Carnes oriundas de animais saudáveis são estéreis, entretanto a qualidade pode ser alterada do abate até o consumo devido à contaminação microbiana durante a manipulação e o processamento. Listeria, Salmonella, Campylobacter e E. coli estão entre os principais patógenos encontrados nas carnes das mais variadas espécies. Alguns países permitem a adição de aditivos alimentares exercendo a função de agentes antimicrobianos, com o objetivo de criar barreiras ao crescimento microbiológico, estendendo assim a vida de prateleira dos alimentos. Neste contexto, ácidos orgânicos apresentam potencial para reduzir a contaminação nas carcaças ou carnes, sendo utilizados como medida complementar para a garantia da estabilidade microbiológica destes produtos.
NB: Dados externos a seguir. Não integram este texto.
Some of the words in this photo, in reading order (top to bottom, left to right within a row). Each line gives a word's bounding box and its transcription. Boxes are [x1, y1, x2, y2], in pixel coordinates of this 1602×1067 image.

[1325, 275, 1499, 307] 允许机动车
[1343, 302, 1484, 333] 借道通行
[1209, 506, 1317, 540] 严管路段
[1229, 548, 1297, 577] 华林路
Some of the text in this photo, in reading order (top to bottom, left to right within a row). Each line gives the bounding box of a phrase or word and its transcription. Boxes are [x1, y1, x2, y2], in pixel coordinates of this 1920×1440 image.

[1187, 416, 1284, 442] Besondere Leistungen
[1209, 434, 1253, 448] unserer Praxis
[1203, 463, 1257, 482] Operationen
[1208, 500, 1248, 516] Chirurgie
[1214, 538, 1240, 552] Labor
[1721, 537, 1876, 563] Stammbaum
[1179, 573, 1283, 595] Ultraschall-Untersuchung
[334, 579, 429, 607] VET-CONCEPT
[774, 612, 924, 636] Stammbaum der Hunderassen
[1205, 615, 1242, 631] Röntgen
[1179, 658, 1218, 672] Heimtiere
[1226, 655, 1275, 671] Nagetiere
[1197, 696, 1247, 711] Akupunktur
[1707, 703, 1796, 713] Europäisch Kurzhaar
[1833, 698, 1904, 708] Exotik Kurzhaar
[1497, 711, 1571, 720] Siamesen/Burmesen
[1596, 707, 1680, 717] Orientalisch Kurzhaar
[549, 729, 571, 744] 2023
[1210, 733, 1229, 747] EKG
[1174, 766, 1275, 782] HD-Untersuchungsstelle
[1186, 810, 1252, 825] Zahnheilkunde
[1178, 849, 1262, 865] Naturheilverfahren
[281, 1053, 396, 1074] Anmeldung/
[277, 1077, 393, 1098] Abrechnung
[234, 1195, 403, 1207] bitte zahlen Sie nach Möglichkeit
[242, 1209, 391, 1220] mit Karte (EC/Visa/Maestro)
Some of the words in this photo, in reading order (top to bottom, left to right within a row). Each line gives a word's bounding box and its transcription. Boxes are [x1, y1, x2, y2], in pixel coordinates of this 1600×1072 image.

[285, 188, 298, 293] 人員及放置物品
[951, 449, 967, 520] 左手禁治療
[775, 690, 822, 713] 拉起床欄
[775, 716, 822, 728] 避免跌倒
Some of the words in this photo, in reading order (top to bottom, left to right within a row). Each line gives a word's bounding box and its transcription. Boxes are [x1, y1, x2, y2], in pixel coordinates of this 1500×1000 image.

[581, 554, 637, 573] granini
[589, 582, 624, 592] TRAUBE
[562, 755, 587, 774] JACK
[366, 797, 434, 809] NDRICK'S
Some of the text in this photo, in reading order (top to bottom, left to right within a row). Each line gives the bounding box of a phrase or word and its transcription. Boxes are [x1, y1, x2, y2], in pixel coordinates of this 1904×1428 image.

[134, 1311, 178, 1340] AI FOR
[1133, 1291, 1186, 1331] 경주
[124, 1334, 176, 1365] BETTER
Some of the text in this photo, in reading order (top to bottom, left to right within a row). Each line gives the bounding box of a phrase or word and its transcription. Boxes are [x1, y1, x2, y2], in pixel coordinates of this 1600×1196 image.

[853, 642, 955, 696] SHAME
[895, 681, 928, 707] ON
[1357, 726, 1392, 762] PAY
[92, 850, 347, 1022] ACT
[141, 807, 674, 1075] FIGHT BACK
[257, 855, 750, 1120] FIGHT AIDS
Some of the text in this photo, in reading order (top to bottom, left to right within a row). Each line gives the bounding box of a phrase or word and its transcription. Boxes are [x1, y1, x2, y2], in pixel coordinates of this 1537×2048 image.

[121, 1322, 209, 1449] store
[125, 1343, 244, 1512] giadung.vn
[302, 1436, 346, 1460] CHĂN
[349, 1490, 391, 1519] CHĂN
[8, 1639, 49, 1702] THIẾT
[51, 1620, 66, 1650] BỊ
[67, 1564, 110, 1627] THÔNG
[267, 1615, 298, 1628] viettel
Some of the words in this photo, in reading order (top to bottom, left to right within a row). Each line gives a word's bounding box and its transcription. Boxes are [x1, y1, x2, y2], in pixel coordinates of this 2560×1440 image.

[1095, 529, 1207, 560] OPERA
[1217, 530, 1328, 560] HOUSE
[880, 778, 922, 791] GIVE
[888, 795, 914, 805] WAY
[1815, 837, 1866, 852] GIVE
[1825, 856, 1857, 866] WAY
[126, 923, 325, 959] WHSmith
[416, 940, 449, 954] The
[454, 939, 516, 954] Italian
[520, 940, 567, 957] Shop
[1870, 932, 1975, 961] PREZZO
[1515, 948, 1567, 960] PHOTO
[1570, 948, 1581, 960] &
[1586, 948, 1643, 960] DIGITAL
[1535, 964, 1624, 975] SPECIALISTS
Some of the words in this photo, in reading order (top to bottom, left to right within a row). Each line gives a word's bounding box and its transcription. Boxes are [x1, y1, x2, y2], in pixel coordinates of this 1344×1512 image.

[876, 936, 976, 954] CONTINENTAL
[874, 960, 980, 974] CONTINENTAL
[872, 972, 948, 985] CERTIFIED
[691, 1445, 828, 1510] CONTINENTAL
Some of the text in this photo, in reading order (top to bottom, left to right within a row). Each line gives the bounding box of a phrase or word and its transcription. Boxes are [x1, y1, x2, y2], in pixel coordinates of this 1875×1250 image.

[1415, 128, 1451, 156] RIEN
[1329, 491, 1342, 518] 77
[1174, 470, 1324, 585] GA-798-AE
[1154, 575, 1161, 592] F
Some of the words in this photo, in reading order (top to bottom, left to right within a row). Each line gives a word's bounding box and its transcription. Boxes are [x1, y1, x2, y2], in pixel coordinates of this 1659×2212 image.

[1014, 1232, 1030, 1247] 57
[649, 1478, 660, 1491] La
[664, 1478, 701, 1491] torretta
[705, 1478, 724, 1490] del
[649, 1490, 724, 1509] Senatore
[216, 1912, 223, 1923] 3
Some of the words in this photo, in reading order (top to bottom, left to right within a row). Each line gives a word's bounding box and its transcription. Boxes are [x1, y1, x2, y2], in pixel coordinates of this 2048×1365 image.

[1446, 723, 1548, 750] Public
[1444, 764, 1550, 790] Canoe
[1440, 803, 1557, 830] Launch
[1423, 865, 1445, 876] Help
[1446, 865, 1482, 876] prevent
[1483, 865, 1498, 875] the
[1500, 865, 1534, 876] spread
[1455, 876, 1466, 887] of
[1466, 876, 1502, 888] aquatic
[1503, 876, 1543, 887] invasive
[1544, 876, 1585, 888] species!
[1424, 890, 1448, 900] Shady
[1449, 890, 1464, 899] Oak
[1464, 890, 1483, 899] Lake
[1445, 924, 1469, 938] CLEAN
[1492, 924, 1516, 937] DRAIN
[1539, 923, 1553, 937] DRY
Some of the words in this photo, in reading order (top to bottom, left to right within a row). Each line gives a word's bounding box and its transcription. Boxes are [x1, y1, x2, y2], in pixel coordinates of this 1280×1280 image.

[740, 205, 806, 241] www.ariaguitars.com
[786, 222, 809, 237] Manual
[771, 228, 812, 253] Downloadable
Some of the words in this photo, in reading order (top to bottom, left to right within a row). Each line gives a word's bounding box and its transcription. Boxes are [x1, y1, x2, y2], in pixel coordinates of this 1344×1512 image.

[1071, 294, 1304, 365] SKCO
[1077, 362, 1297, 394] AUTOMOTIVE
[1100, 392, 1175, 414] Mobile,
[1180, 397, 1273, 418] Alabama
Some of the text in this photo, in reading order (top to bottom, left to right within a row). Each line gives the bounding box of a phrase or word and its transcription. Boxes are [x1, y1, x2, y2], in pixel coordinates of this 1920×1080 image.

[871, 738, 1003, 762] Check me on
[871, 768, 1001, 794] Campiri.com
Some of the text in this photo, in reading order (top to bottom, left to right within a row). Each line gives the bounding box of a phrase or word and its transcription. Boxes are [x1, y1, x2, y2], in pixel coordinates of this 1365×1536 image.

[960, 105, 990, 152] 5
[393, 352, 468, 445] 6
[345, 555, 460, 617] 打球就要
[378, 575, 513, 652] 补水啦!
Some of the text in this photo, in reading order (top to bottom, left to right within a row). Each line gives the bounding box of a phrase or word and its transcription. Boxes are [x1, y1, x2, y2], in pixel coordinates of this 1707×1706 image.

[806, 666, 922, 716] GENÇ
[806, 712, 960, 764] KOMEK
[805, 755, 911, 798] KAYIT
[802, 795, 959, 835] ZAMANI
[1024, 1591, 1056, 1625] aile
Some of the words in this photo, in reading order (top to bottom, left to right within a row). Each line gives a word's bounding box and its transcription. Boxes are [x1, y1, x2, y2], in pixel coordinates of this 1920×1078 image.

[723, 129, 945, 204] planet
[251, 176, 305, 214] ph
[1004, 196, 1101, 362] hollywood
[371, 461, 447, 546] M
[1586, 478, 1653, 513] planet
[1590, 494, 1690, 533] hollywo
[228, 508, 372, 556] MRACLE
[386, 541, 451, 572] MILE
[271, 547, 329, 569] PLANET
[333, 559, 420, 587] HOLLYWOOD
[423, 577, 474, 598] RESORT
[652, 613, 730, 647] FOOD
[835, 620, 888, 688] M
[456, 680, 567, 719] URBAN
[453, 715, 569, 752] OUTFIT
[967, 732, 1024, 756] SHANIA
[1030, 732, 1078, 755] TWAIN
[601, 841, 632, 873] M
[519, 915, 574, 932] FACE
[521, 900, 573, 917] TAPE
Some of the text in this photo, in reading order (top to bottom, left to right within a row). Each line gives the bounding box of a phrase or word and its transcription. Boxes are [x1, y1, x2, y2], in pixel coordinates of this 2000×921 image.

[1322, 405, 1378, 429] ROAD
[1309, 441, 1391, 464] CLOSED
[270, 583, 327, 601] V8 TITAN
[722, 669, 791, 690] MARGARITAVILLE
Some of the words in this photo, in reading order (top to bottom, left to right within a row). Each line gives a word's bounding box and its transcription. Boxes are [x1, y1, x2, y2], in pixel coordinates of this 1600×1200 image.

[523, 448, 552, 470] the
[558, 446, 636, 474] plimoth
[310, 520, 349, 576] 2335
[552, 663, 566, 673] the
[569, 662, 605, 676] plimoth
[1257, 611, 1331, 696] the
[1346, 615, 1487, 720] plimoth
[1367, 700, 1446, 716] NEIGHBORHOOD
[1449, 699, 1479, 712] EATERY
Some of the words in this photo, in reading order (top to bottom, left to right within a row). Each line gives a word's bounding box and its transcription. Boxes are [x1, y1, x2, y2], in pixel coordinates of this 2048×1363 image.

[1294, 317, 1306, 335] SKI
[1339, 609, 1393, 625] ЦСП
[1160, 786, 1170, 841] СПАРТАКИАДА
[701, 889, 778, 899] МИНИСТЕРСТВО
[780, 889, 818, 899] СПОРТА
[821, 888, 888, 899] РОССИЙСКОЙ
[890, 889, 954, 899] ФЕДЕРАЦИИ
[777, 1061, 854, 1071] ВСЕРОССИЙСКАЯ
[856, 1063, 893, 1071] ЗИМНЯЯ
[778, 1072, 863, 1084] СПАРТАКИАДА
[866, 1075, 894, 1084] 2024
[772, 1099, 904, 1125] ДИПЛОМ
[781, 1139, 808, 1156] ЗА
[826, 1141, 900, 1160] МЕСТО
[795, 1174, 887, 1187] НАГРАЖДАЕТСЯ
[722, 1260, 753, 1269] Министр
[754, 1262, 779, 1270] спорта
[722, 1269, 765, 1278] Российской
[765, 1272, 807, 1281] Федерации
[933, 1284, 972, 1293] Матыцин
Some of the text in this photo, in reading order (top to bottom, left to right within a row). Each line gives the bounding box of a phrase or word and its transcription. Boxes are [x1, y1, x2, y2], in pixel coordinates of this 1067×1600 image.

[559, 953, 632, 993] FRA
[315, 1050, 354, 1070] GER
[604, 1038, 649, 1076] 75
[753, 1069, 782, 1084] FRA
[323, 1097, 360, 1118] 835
Ácidos orgânicos de cadeia curta (C1-C7) estão associados à atividade antimicrobiana devido à redução do pH e pela capacidade de dissociação. Os ácidos têm a capacidade de passar através da parede celular dos microrganismos e se dissociar no citoplasma, acidificando o pH interno da bactéria e impedindo sua multiplicação, levando a danos e morte. Diferentes ácidos podem ser utilizados para esta finalidade, como lático, tartárico, málico e cítrico.
Nos EUA, o Food and Drug Administration (FDA) lista os ácidos orgânicos como substâncias alimentares geralmente reconhecidas como seguras, do termo em inglês GRAS (Generally Recognized As Safe) presente na regulamentação 21CFR184.1061. Ácido láctico, ácido acético, ácido cítrico, ácido ascórbico e outros ácidos orgânicos são aprovados ou listados nos regulamentos da FDA para vários fins técnicos, como acidulantes, antioxidantes, agentes aromatizantes, ajustadores de pH, nutrientes e conservantes. Além disso, o United States Department of Agriculture (USDA) por meio do Serviço de Inspeção e Segurança de Alimentos (Food Safety and Inspection Service – FSIS) permite seus usos como agentes antimicrobianos, sendo auxiliares de processamento para tratar carne de aves, bovinos e suínos, incluindo carne inteira ou cortada, carcaças, peças, aparas e órgãos, tendo sua aplicabilidade por meio de lavagem, enxágue, imersão, névoa, spray, mergulho, na água fria ou na escaldagem, pré e pós-resfriamento.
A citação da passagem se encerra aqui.